Émilie Jouvet (born 29 July 1976) is a French filmmaker, photographer and contemporary artist.

== Biography ==
In 2006 she directed her first feature, a post-porn and feminist pro-gender queer lesbian and transgender film, One Night Stand.

In 2009 she assembled an ephemeral troupe of performers, consisting of Wendy Delorme, Judy Minx, DJ Metzgerei, Mad Kate, Sadie Lune and Madison Young, for a European tour during the shooting of her film Too Much Pussy! Feminist Sluts, A Queer X Show. This feminist sex-positive, documentary road movie came out in French cinemas in 2010.

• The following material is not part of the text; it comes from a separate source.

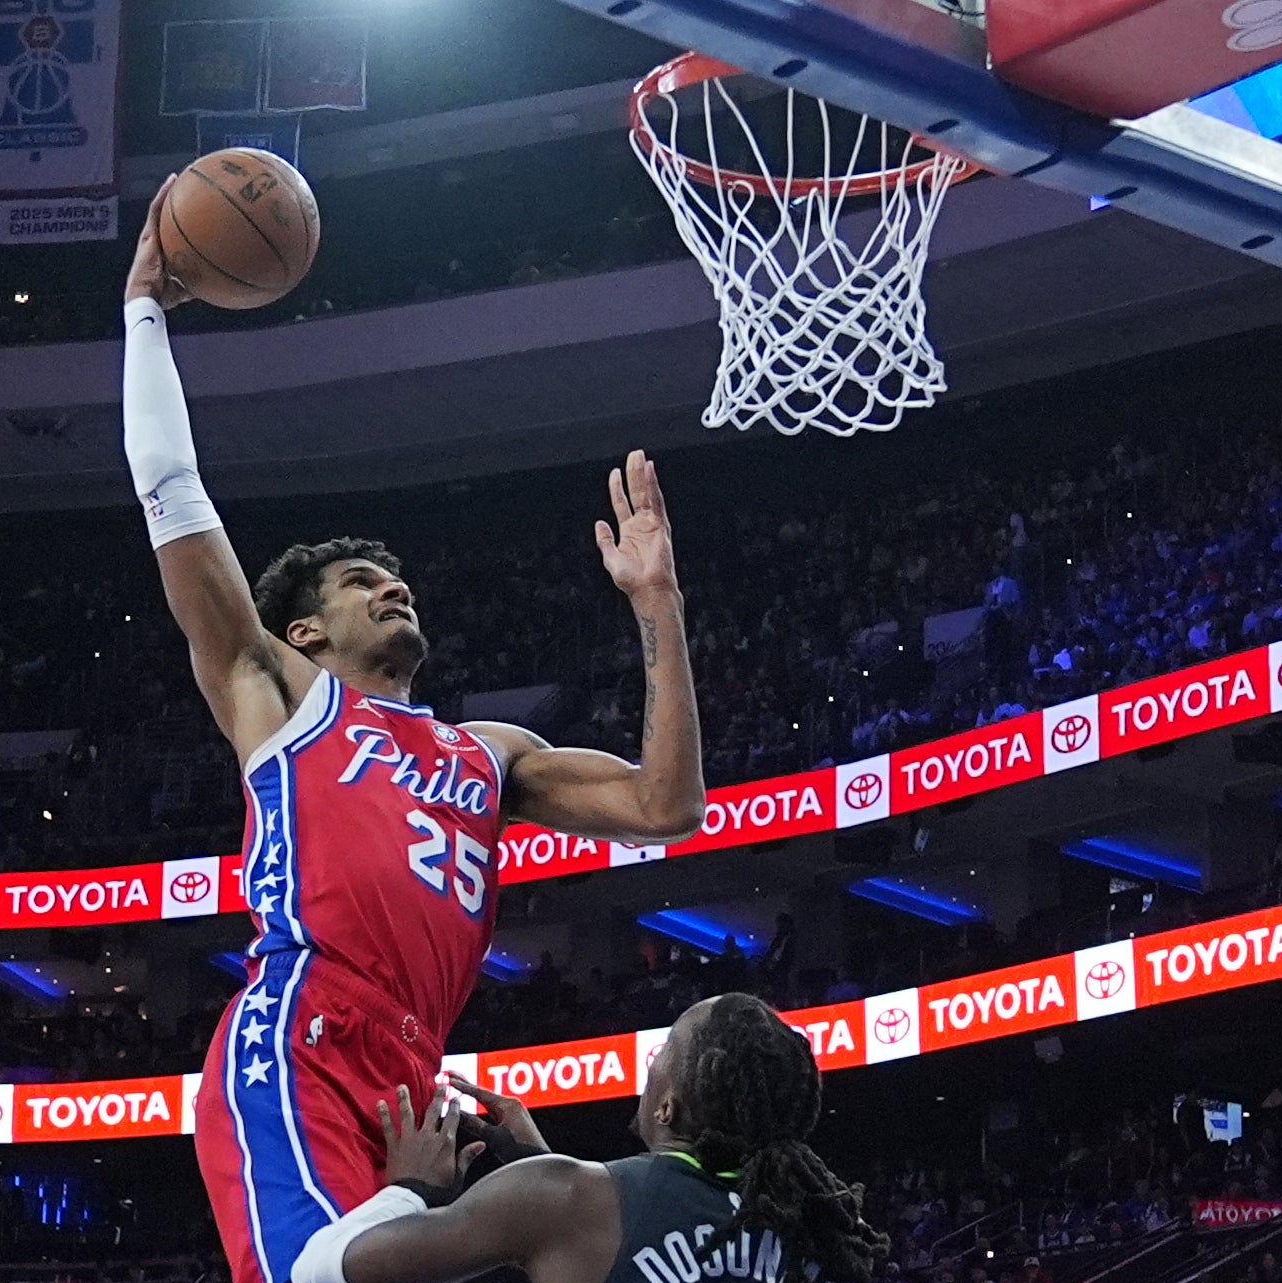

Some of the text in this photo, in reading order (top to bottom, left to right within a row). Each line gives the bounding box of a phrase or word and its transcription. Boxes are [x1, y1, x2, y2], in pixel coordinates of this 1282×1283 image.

Her first monograph of photographs, "Émilie Jouvet The Book", was published by Womart editions in 2014.

== Filmography ==

=== Short films ===
- 2013 : Safer, 3 min, Coproduction Yagg Inpes (Fr)
- 2013 : Candy Box 6 min, Coproduction Yagg Inpes (Fr)
- 2011 : Let it go 3 min.
- 2008 : The apple 6 min, Coproduction Émilie Jouvet, Judy Minx. Distribution Bildkraft (GER), PetraJoy (ENGL)
- 2008 : Kiss me 20 min.
- 2008 : Party time 4 min.
- 2008 : Memories 4 min 30 s.
- 2007 : Vicious 5 min.
- 2005 : Blind porn 3 min 30 s.
- 2004 : Roof 8 min 30 s.
- 2004 : Electric desire 3 min 20 s.
- 2004 : Blancx 3 min 30 s.
- 2003 : Kissing 4 min.
- 2003 : Mademoiselle 4 min 20 s.
- 2003 : Être une femme 3 min 45 s.

=== Feature films ===
- 2004 : Queerft : Queer Factory Tales (Les contes de Queer Factory) (segment "Blanc X") (segment "Electric Desire") (segment "Roof")
- 2006 : One Night Stand (Pour une nuit)
- 2010 : Too Much Pussy! Feminists Sluts in The Queer X Show
- 2011 : Fucking Different XXX (segment "New Kid on the Block")
- 2011 : Much More Pussy!
- 2011 : Histoire d'Ovidie, 55 min, French Lover Production (FR), Diffusion Canal plus (FR).

== Awards and nominations ==
- 2006 : First Prize, Porn Film Festival Berlin - One Night Stand
- 2007 : First Prize, Amsterdam Porn Film Festival - One Night Stand
- 2008 : Special Prize of the Jury, Copenhagen Gay and Lesbian Film Festival - One Night Stand
- 2009 : Sexiest Dyke Movie Price, Feminist Porn Awards, Toronto - One Night Stand
- 2009 : First Prize, International Best Short Film Competition, Madrid Film Fest - The Apple
- 2009 : Jury Award for Most Innovative Short Film, Seattle Lesbian and Gay Film Festival - The Apple
- 2010 : Prix One+One (Prix de la critique), Festival international du film de Belfort-Entrevues - TOO MUCH PUSSY ! Feminists Sluts in The Queer X Show
- 2010 : Prix spécial du jury, Porn Film Festival Berlin - Much More Pussy.
- 2011 : Audience Award Best Documentary, Reelout Queer Film Festival, Kingston, Canada - TOO MUCH PUSSY ! Feminists Sluts in The Queer X Show
- 2011 : Best LGBT film, Cannes Independent Film Festival - TOO MUCH PUSSY ! Feminists Sluts in The Queer X Show
- 2012 : Prix du festival PorYes Feminist Porn Awards Europe, Berlin - Much More Pussy.